Categories
Diversity Technology

Breaking eggs

The discussion associated with the last post, on the display of a pornographic image at a tech conference, has really been civil and engaged. I don’t think I’ve ever seen a discussion of this nature where many of the concerns aren’t rejected almost out of hand. It’s actually rather refreshing.

One person did bring up the long hours and raising babies, but that’s been almost universally rejected in the comments. As women enter into, and even begin to dominate, other fields that require a strong commitment on time, such as medicine and law, this no longer makes sense as a ‘reason’. In particular, as more men become involved with their children, and reject the so-called ‘horrendous’ hours of IT, it makes less so as time goes on.

No, there’s more here than first meets the eye. I’ve had some ideas on this score for a while now, and when I’m not heavily involved in writing on my books and my Missouri site, I’ve also been researching what I can see of the tech industry: specifically the computer science degree programs.

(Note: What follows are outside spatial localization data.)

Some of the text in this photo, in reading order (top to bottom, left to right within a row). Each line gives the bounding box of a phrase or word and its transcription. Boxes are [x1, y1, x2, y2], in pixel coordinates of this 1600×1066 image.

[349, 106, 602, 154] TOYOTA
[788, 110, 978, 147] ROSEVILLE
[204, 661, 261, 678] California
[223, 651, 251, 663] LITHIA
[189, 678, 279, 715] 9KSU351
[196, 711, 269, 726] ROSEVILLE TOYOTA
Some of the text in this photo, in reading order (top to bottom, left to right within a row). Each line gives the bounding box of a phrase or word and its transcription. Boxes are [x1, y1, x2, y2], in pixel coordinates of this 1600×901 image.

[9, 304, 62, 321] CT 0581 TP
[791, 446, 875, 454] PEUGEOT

As I wrote in comments at the site, the tech industry is broken. This state isn’t reflected just in the lack of women–it’s programs like agile computing, which are trying to compensate for behavioral characteristics that we’re finding out, now, cause more harm than good. Yet, the colleges gear their programs to people with these same behavioral characteristics. That’s where we need to start. We need to completely change the curriculum of computer science in school. In fact, we need to eliminate computer science as a separate field.

I wrote in comments:

I’m incredibly behind a book, too much so to be able to spend the time responding as I would really like.

I think we need to go beyond looking at a few classes, or behaviors in school. I think we need to completely challenge how the computer science programs are designed.

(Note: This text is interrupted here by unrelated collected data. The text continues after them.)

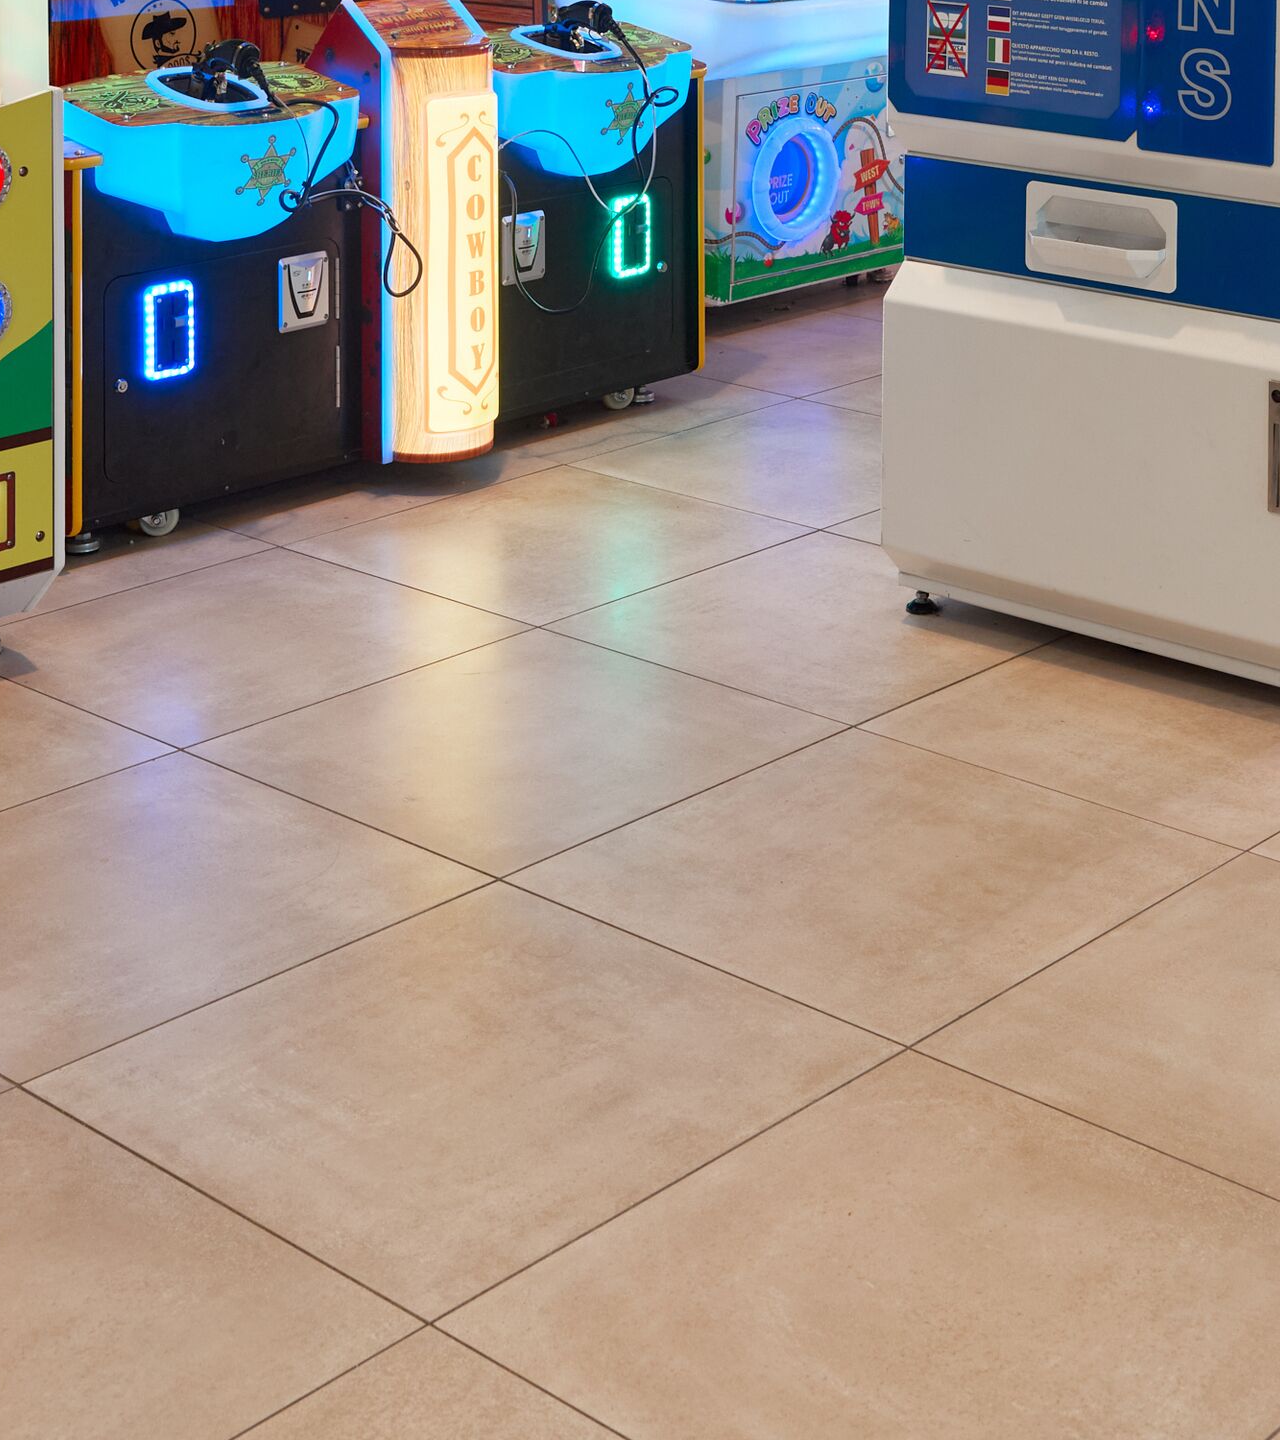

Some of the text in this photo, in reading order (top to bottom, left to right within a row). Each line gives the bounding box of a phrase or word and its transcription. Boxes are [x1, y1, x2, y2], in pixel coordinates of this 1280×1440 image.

[745, 92, 837, 146] PRIZE OUT
[860, 165, 880, 183] WEST
[770, 190, 790, 206] OUT
[465, 153, 487, 371] COWBOY
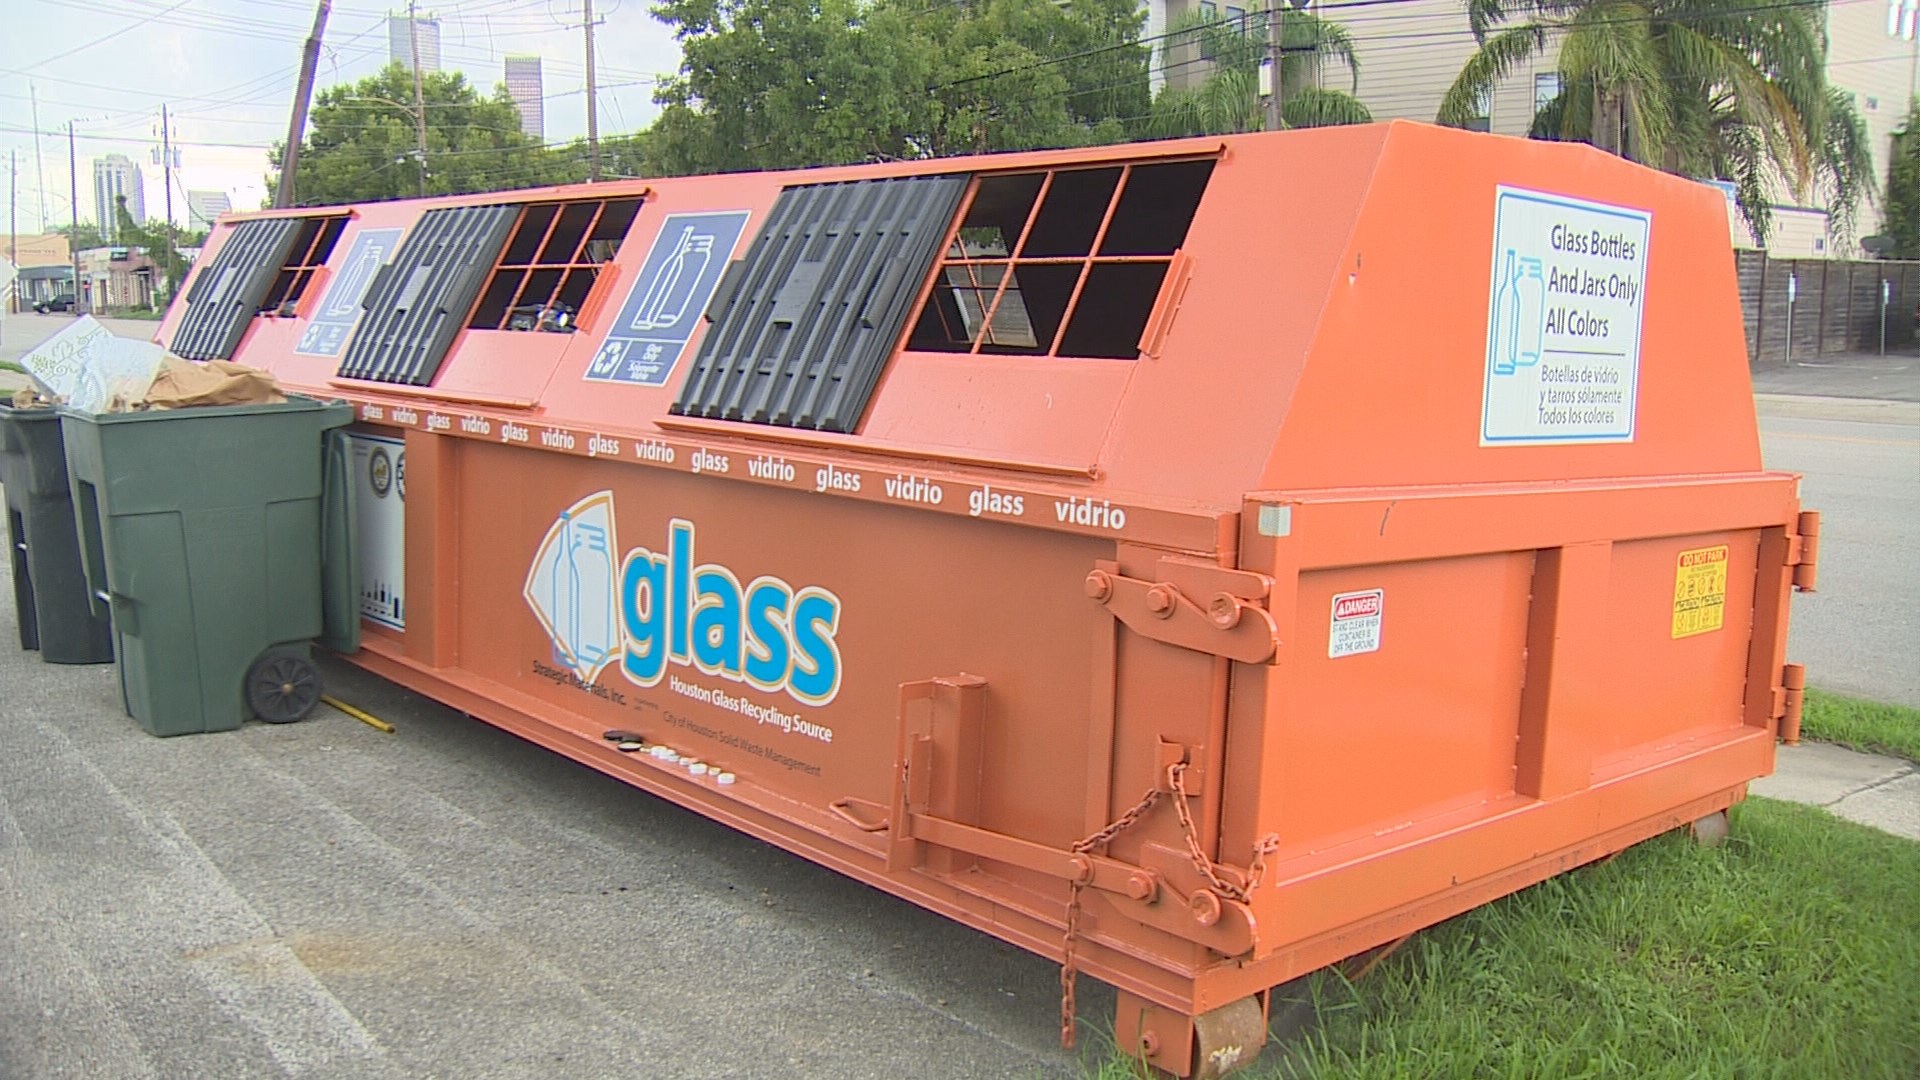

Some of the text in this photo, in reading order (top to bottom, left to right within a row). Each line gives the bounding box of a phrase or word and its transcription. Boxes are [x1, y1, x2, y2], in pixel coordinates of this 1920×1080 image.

[1551, 224, 1636, 260] Glass Bottles
[1548, 266, 1638, 307] And Jars Only
[1545, 307, 1609, 338] All Colors
[1541, 365, 1619, 384] Botellas de vidrio
[1539, 390, 1546, 408] y
[1548, 387, 1575, 403] tarros
[1539, 406, 1614, 424] Todos los colores
[362, 402, 1126, 530] glass vidrio glass vidrio glass vidrio glass vidrio glass vidrio glass vidrio glass vidrio
[1683, 554, 1694, 566] DO
[1695, 552, 1707, 564] NOT
[620, 518, 842, 707] glass
[1345, 599, 1377, 615] DANGER
[533, 660, 568, 685] Strategic
[611, 687, 627, 706] Inc.
[670, 674, 833, 743] Houston Glass Recycling Source
[663, 711, 821, 777] City of Houston Solid Waste Management

It’s not that these programs are antagonistic to women, but they’re also antagonistic to many men. These programs are geared to a specific behavior, as much as they are focused at an interest.

I have met many women who have ended in technology but not through the computer science programs. They come in through psychology, music, business, library science, biology, and so on. That’s what we need to look at doing — removing computer science as this isolated, odd field (what other field focuses purely on the tools?) and split it into other departments, as an option.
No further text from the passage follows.